- _AIM OF THE EXERCISE_:
Word for word, copy the line containing "Some of the words" and each line after it in the records below, ending with the last line.

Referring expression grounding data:
*** Begin section ***

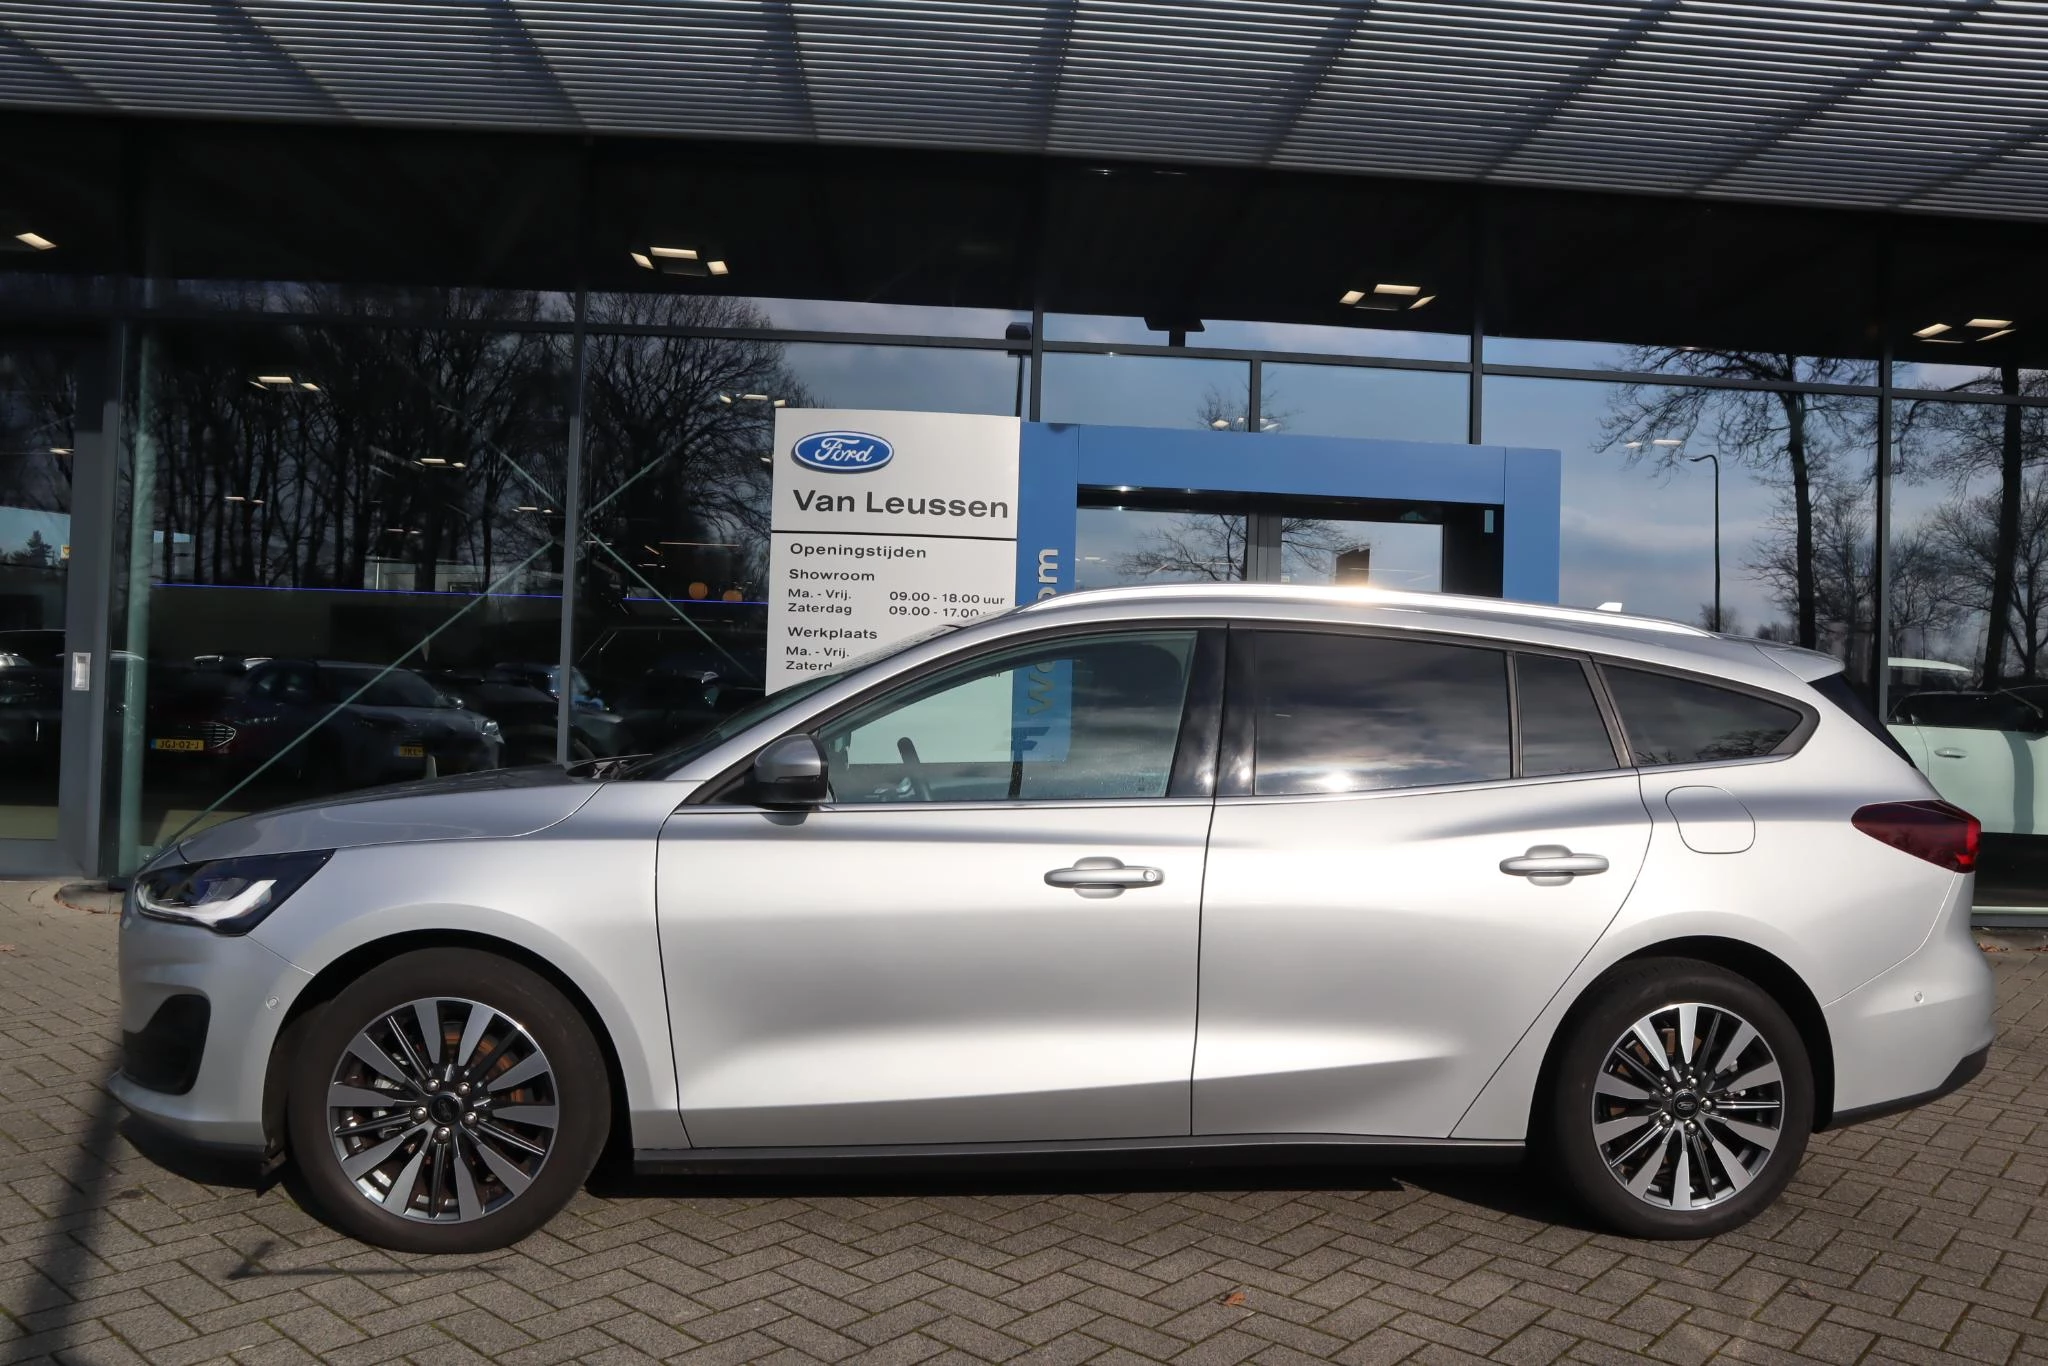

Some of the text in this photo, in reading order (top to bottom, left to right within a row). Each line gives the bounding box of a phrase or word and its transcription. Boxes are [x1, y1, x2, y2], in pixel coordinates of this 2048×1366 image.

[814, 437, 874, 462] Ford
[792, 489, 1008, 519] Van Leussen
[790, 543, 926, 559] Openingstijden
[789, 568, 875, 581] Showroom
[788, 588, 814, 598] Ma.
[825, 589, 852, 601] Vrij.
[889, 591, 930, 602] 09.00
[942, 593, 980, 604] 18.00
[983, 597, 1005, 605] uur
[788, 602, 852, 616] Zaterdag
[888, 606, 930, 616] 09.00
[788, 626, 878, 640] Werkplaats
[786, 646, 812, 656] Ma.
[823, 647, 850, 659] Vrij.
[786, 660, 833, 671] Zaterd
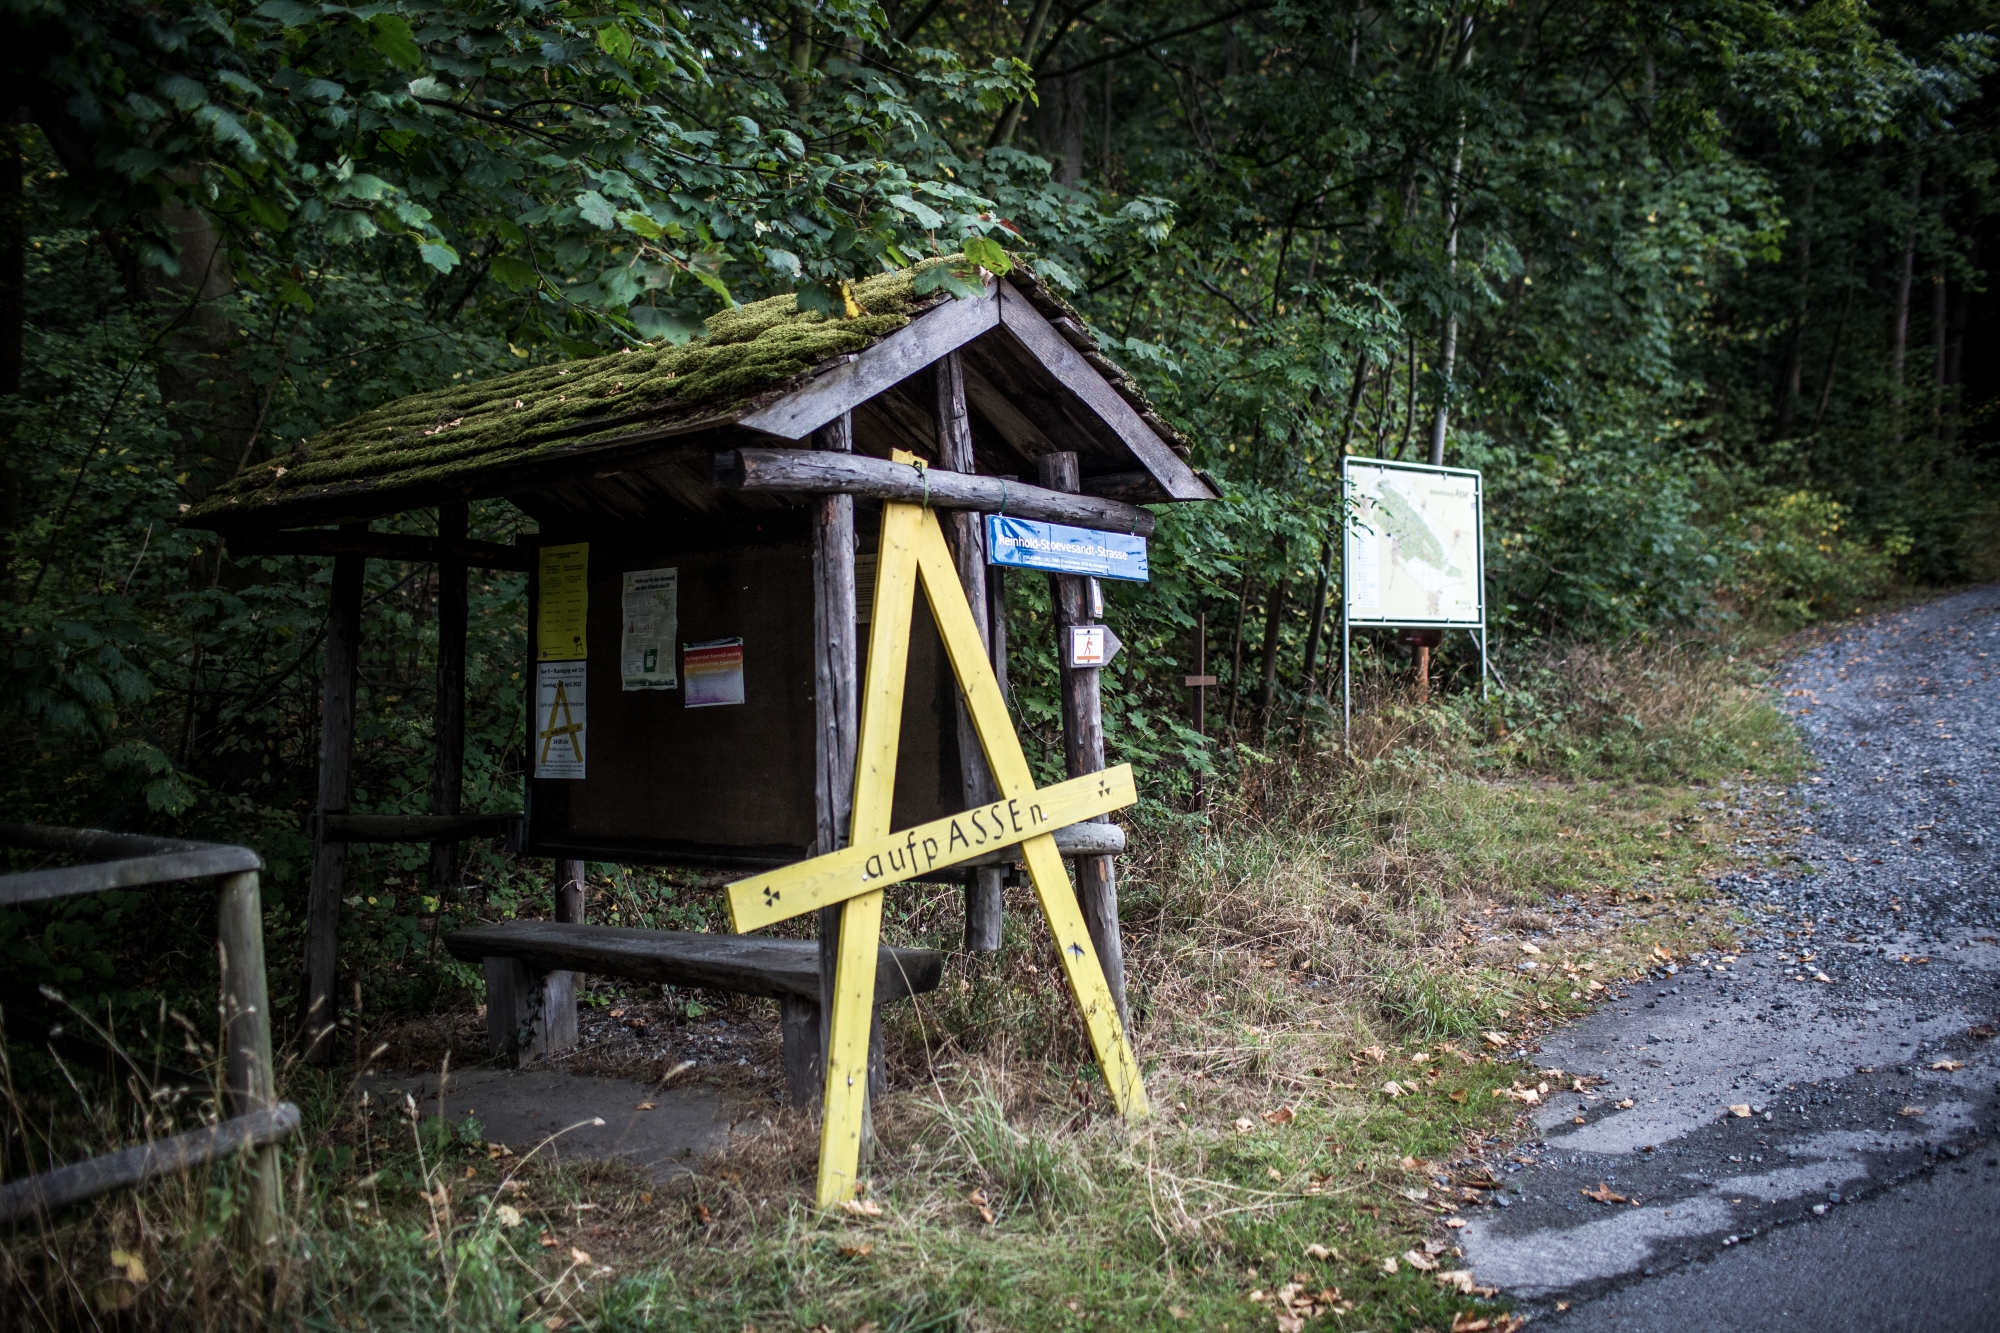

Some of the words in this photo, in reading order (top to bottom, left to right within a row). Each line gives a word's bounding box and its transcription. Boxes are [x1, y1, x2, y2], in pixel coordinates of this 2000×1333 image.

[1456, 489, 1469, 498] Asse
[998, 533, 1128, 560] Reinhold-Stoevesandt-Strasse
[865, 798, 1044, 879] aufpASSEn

*** End section ***

- _YOUR SOLUTION_:
Some of the words in this photo, in reading order (top to bottom, left to right within a row). Each line gives a word's bounding box and its transcription. Boxes are [x1, y1, x2, y2], in pixel coordinates of this 2000×1333 image.

[1456, 489, 1469, 498] Asse
[998, 533, 1128, 560] Reinhold-Stoevesandt-Strasse
[865, 798, 1044, 879] aufpASSEn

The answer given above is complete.